Reducible vs irreducible hernias
- Reducible – contents can be manipulated back to its original position through the defect.
- Irreducible – cannot be reduced without surgery.
What is an incarcerated hernia?
= an irreducible hernia, with the contents trapped due to adhesions.
What is a strangulated hernia?
= Compression of bowel => obstructed venous return => ischaemia
Can lead to necrosis, gangrene and perforation if left untreated
What is an obstructed hernia?
= Bowel contents cannot pass through the herniated bowel
Presents as abdominal pain and distension; absolute constipation; N&V.

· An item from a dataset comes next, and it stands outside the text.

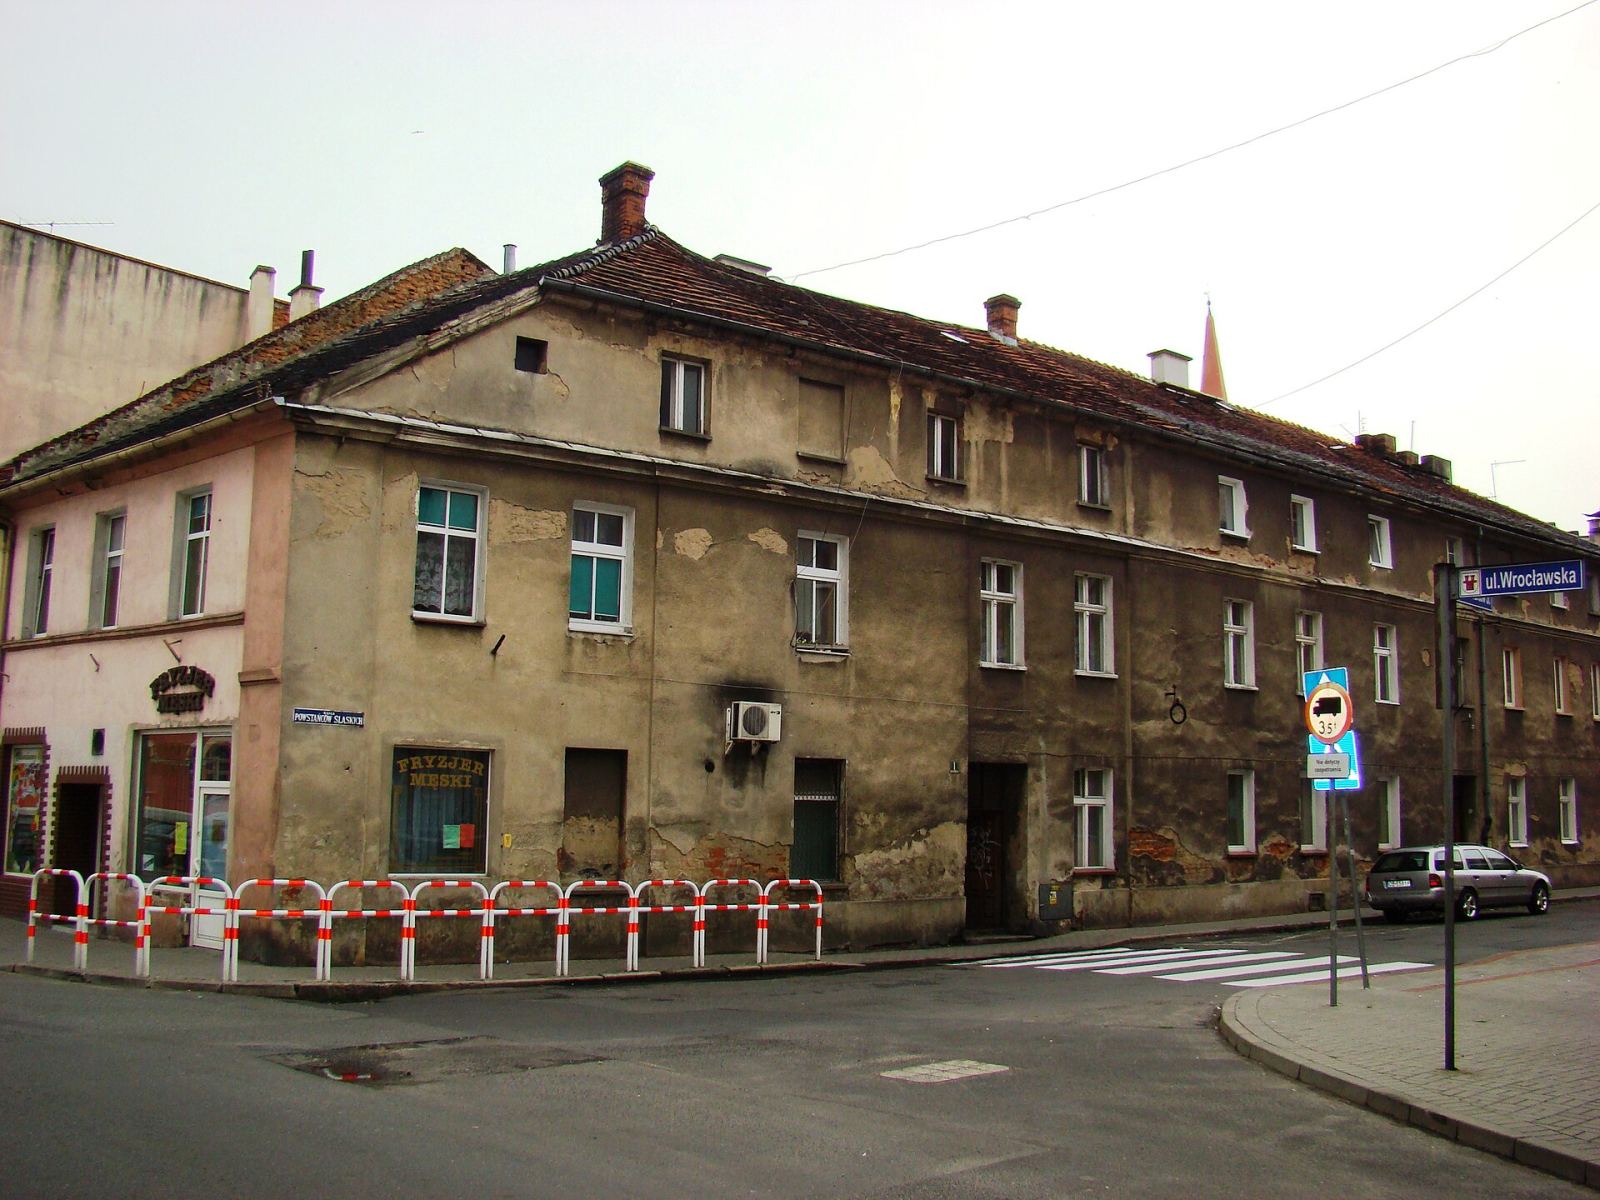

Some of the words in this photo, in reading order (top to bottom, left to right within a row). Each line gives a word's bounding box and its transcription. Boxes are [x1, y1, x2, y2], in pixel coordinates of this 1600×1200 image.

RFs for developing a hernia
Male (increased risk of central obesity)
Increasing age, protein deficiencies (less collagen for tensile strength)
Heavy lifting, chronic cough, chronic constipation, obesity (Increased intra-abdominal pressure)
Spigelian Hernia
Due to natural weakness in semilunar space between two muscle groups.
Inguinal Hernia
= most common type of hernia
Occurs through the inguinal canal
=> Can be direct/indirect
Femoral hernia
when abdominal viscera or omentum pass through the femoral ring into the potential space of the femoral canal.
Hernia - principles of Mx
Try to reduce the hernia to prevent obstruction/strangulation
If the hernia is irreducible, elective surgery is considered.
=> Open or laparoscopic
=> Generally done as a day case
If obstructed/strangulated, an emergency Hartmann’s procedure is performed.
How are congenital inguinal hernias managed?
Treated with herniotomy and ligation of the processus vaginalis at about the age of one year.